EXERCISE DESCRIPTION:
Write out every entry exactly as it appears, omitting the pictures.

DATA:
★ ★ ★ ★ ★
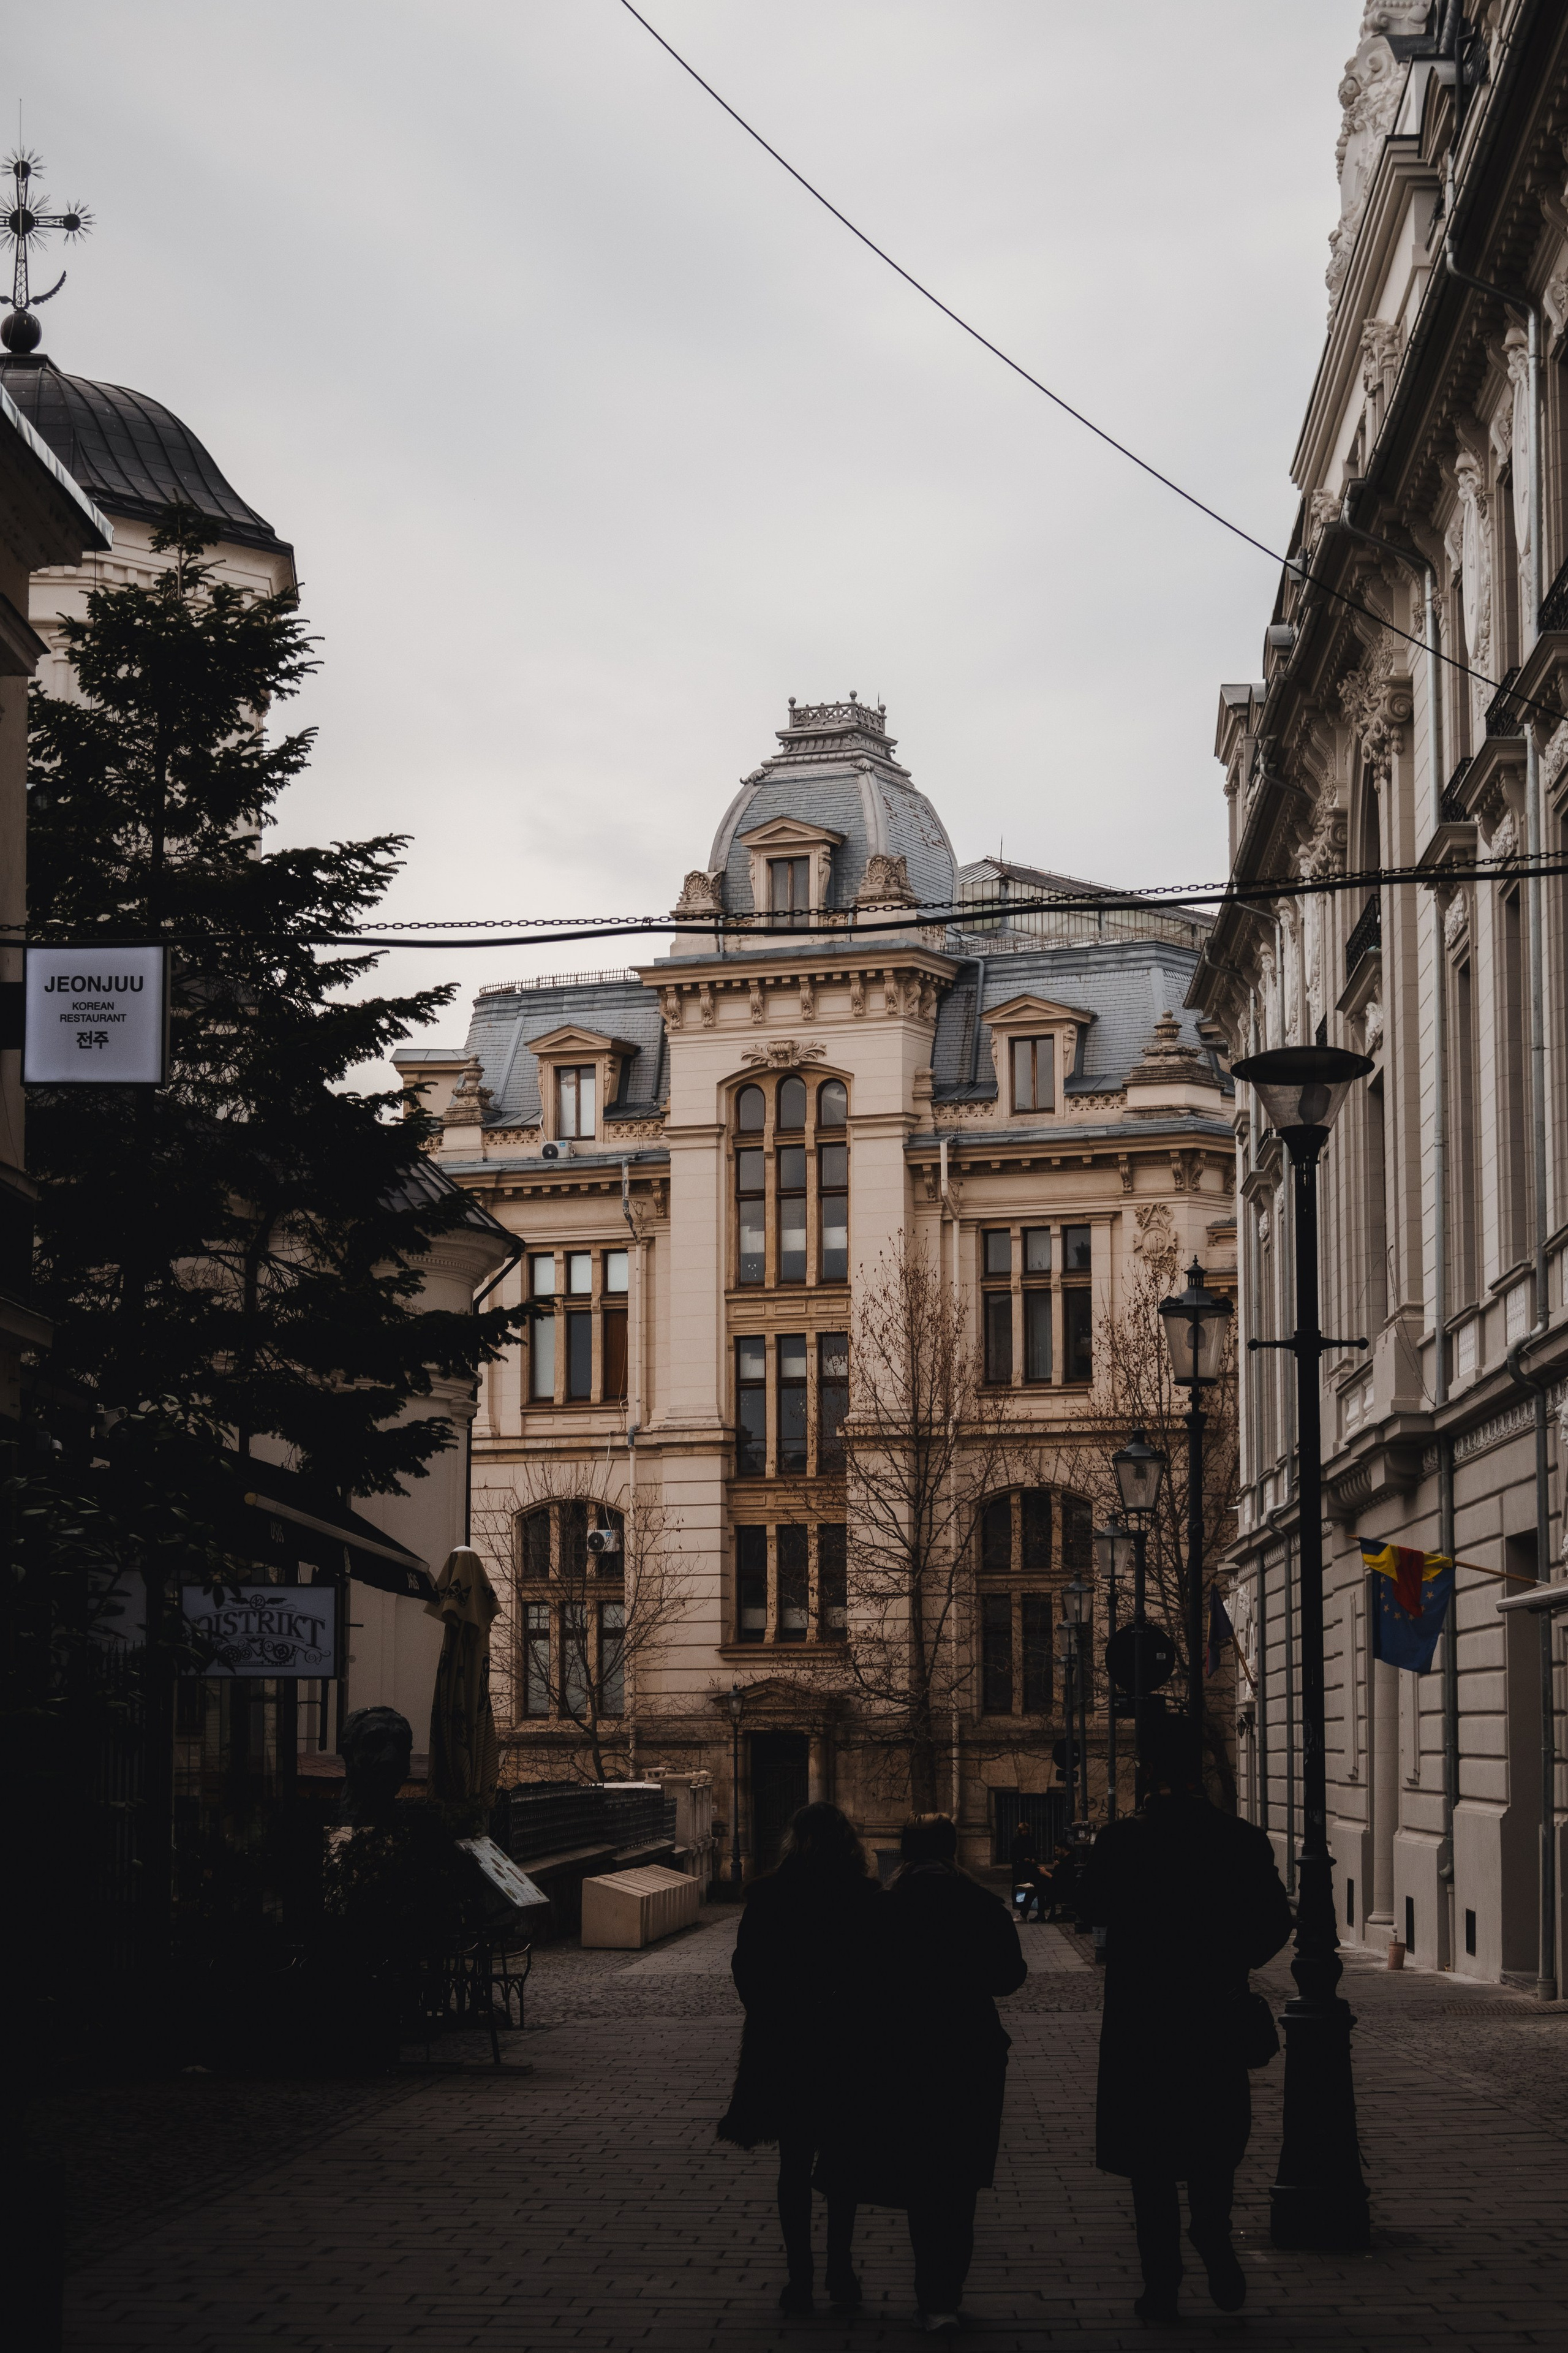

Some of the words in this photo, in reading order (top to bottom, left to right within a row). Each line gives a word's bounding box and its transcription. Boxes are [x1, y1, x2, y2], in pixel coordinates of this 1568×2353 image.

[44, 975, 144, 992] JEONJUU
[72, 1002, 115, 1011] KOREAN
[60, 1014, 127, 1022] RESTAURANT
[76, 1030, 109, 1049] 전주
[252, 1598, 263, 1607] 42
★ ★ ★ ★ ★
RESPONSE BELOW:
Some of the words in this photo, in reading order (top to bottom, left to right within a row). Each line gives a word's bounding box and its transcription. Boxes are [x1, y1, x2, y2], in pixel coordinates of this 1568×2353 image.

[44, 975, 144, 992] JEONJUU
[72, 1002, 115, 1011] KOREAN
[60, 1014, 127, 1022] RESTAURANT
[76, 1030, 109, 1049] 전주
[252, 1598, 263, 1607] 42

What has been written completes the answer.